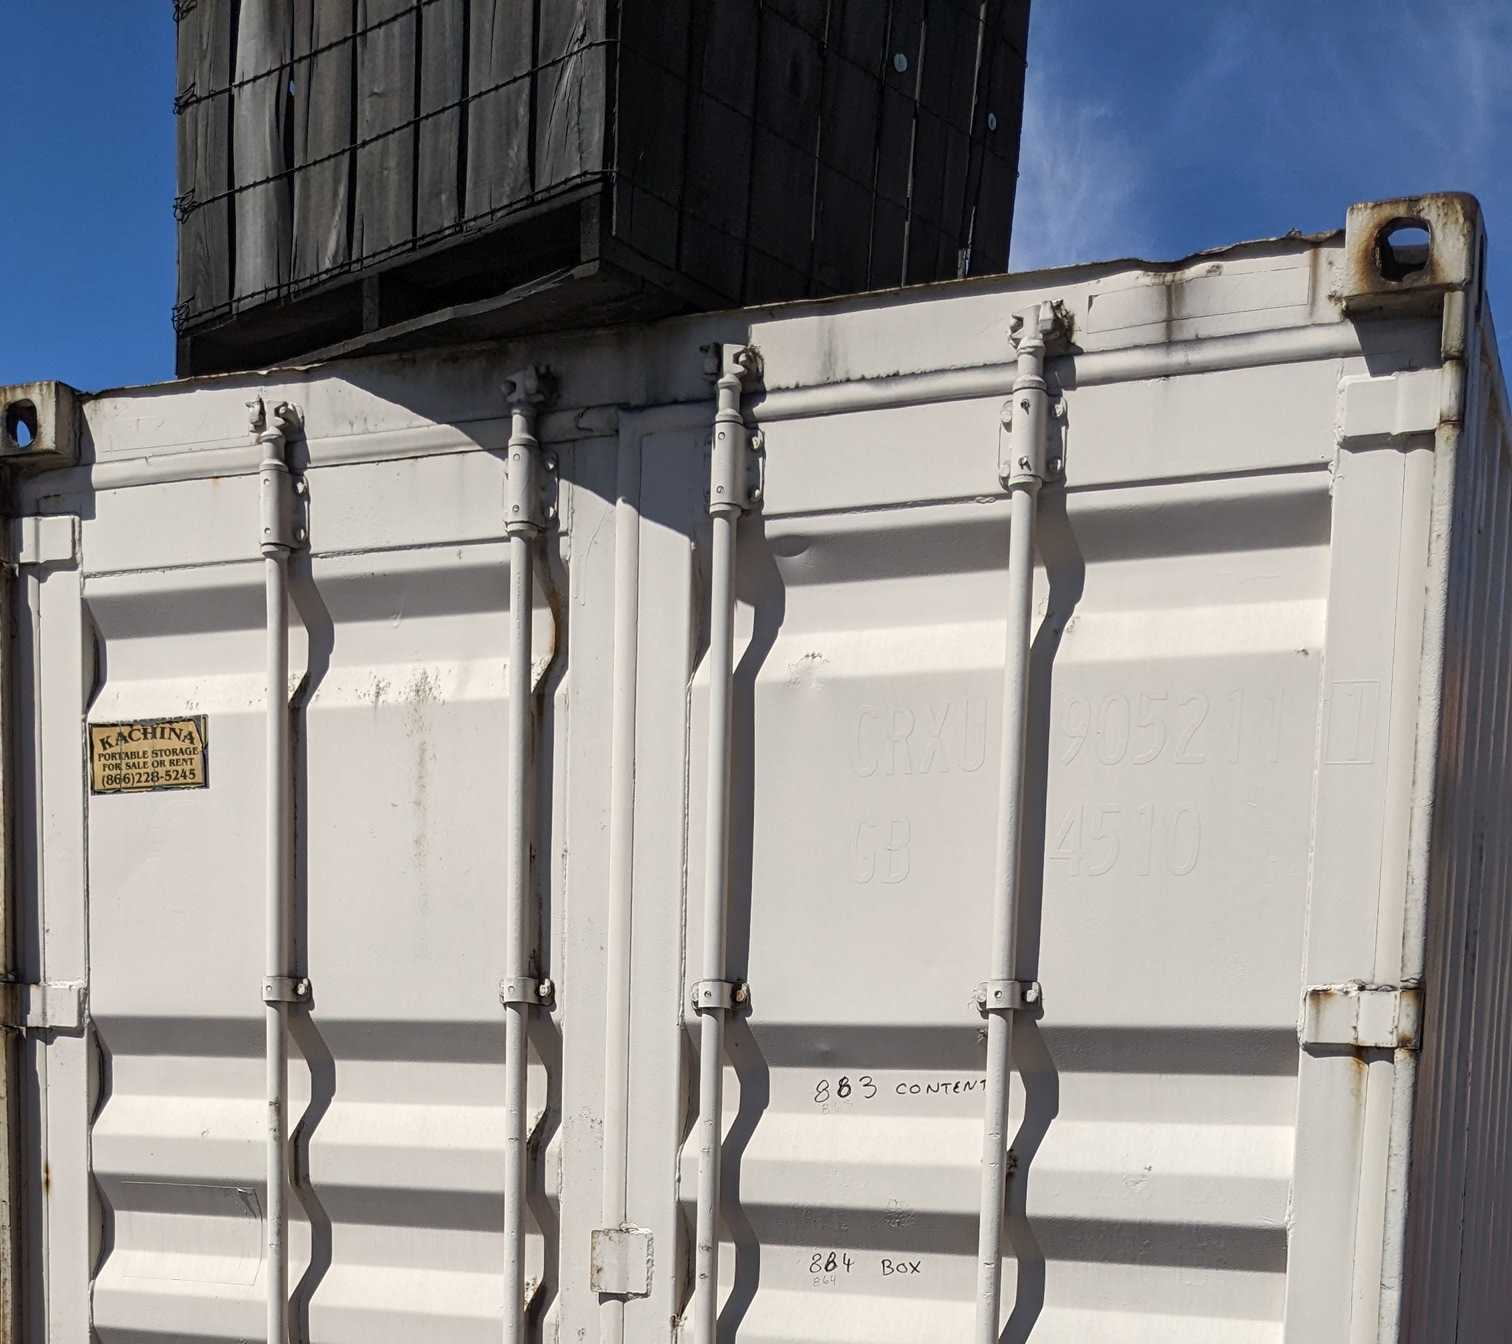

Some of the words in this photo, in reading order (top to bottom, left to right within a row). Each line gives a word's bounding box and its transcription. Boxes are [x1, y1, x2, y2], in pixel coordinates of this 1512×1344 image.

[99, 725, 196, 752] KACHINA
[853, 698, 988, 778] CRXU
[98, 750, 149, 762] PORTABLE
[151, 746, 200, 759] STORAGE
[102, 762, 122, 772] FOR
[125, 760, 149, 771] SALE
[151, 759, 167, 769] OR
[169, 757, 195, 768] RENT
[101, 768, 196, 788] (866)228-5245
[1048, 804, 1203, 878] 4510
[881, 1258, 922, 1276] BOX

◆ ◆ ◆ ◆ ◆

YOUR INSTRUCTIONS: Exact copy, pictures removed: set down the whole listing above.

EXERCISE RESULT:
Some of the words in this photo, in reading order (top to bottom, left to right within a row). Each line gives a word's bounding box and its transcription. Boxes are [x1, y1, x2, y2], in pixel coordinates of this 1512×1344 image.

[99, 725, 196, 752] KACHINA
[853, 698, 988, 778] CRXU
[98, 750, 149, 762] PORTABLE
[151, 746, 200, 759] STORAGE
[102, 762, 122, 772] FOR
[125, 760, 149, 771] SALE
[151, 759, 167, 769] OR
[169, 757, 195, 768] RENT
[101, 768, 196, 788] (866)228-5245
[1048, 804, 1203, 878] 4510
[881, 1258, 922, 1276] BOX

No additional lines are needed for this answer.